Why Have macOS Updates Gotten So Absurdly Huge?

Mostly, it’s about reliability

Key Takeaways

  • Big Sur slurped down over 50 GB of software updates in a year, compared to 21.5 GB for Mojave.
  • The smallest update size for M1 Macs is about 3.1 GB.
  • Mac software updates are more reliable than ever.
A group of people using laptop computers, as seen from above.

Marvin Meyer / Unsplash

Mac users who pay attention to software updates may have noticed something strange over the past few years: macOS updates have gotten utterly massive. 

On iOS and older macOS versions, software updates would come in at a few hundred megabytes each, perhaps even smaller for basic fixes. But ever since Big Sur, you’re lucky to get anything smaller than 2-3GB a pop, even when the update, itself, only requires a few megabytes. This wastes data and time and—when it’s all added together—a significant amount of energy. So why are they so big? It’s mostly about reliability.

"With Big Sur, Apple not only changed the System volume, so that macOS now boots from a sealed snapshot of the system, but it changed the way that macOS is updated," Mac expert Dr. Howard Oakley told Lifewire via email.

"Although this is often stated as being for better security, there's a much bigger reason for these changes which should be an improvement for every Mac user: updates and system integrity should now be almost totally reliable.”  

Big Changes

According to Oakley’s numbers, macOS Mojave totaled just 21.5 GB of updates during its year as the newest Mac operating system. Three versions later, Big Sur has just topped 50 GB.

I’m...confident that they will significantly reduce that overhead. But I don't think we'll ever see updates of less than 500 MB.

Part of this is down to Apple’s new M1 Macs. Now, every update has to run on both Intel and Apple Silicon Macs, which ups the size. And finally, those M1 updates are themselves bigger. On Big Sur, the minimum update size for Intel Macs is 2.2 GB. For M1 Macs, it’s 3.1 GB.

These huge updates waste all kinds of resources, but for most people, the one they’ll notice will be their wasted time.
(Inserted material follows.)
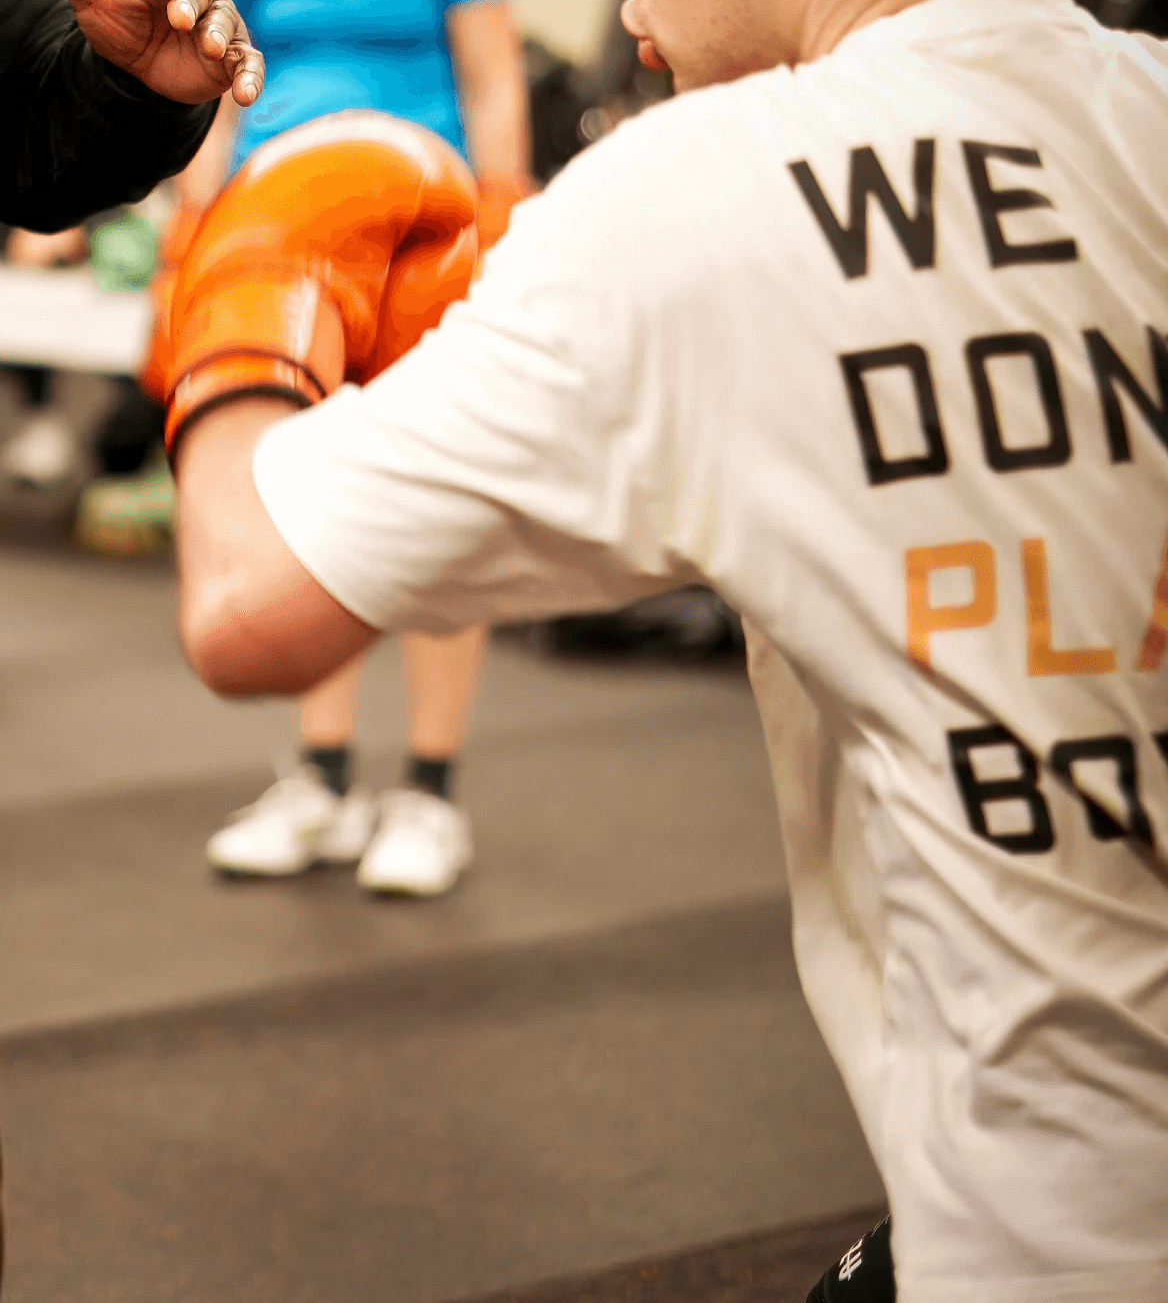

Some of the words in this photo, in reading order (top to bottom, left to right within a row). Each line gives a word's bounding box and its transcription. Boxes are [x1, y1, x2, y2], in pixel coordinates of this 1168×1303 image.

[787, 137, 1080, 282] WE
[903, 522, 1168, 679] PL
[946, 722, 1168, 856] BO
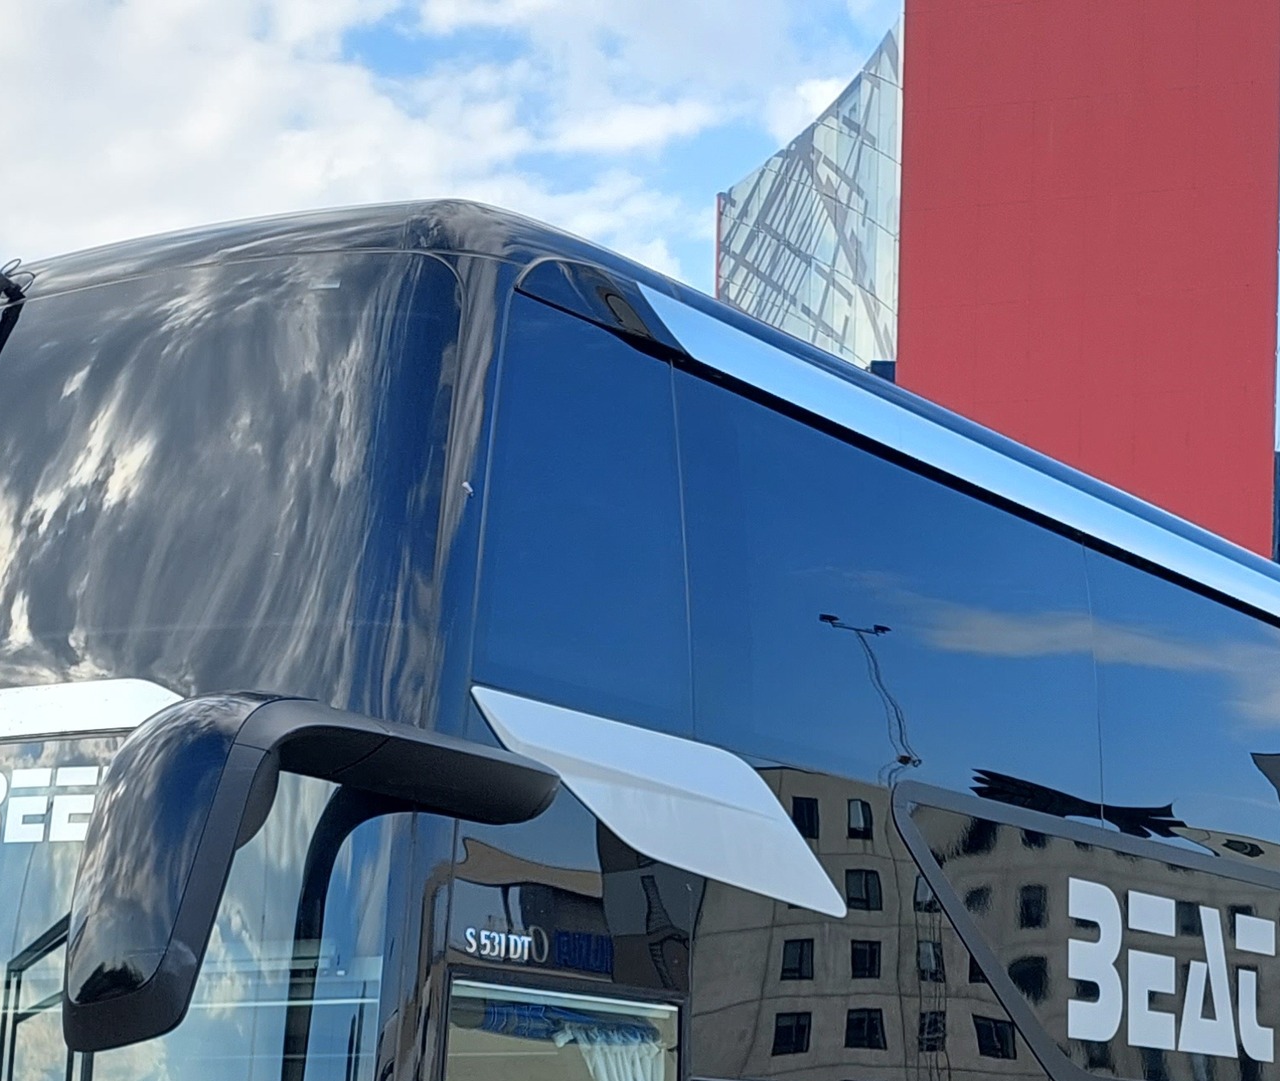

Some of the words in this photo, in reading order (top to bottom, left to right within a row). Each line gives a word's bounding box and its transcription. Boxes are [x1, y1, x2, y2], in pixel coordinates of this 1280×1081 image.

"The biggest downside of these large updates is probably the time it takes to download and the memory space it can take up on an older computer," tech enthusiast, Mac user and technology writer JP Zhang told Lifewire via email. "With updates often taking anywhere from 30-60 minutes, you will have a noticeable amount of downtime."

Why So Big?

There seems to be no need for such huge updates, especially as the actual software payload delivered is much smaller than the download size. Part of the problem is Apple’s security model, which only lets you download authenticated updates direct from Apple. Every Mac gets the same update, which means it has to contain data for all Macs that may receive it.

But the advantages of Apple’s new approach are clear. Never again (in theory at least) will a software update leave your Mac dead or unresponsive. 

A person using a MacBook computer at a meeting.

Christina@wocintechchat.com / Unsplash

"We got used to some macOS updates leaving our Macs almost unusable, to having to keep reinstalling macOS because something in it had apparently become corrupted," says Oakley. "The sealed system volume in Big Sur should make those problems a thing of the past."

In this way, it’s a lot more like iOS, which we update without ever worrying about problems. Apple seems to have gotten that part down, so now it’s time to see about shrinking these updates.

"What those engineers need to turn their attention to next, during Monterey's cycle, is reducing the overhead in its updates," says Oakley. "I’m sure this is where they're going next, and confident that they will significantly reduce that overhead. But I don't think we'll ever see updates of less than 500 MB."


If you have a Mac with limited spare storage space or a slow or capped internet connection, what can you do in the meantime to avoid those big downloads?

Not much. You could skip intermediate updates, but as these are often essential security fixes, that may not be a good idea. Another option is to use the Mac’s Content Caching Server, a built-in feature that keeps a cache of software updates. Other computers on the same network can grab the contents of this cache instead of downloading it fresh. This can mean zero extra downloading for Macs with matching chips (all Intel, for example) and small, ~1 GB extras for M1 Macs. 

A mac computer with an iMac behind it going through an update.

Muhammed Abiodun / Unsplash

Another option is to set your Mac to download updates in the background and alert you when they’re ready. This takes away the waiting part. 

But like everything else in tech, software and files tend to bloat to fill the available resources, and software updates are no exception. Maybe macOS Monterey, arriving this fall, will shrink its updates, but the general trend is toward bigger updates. We’ll just have to get used to it.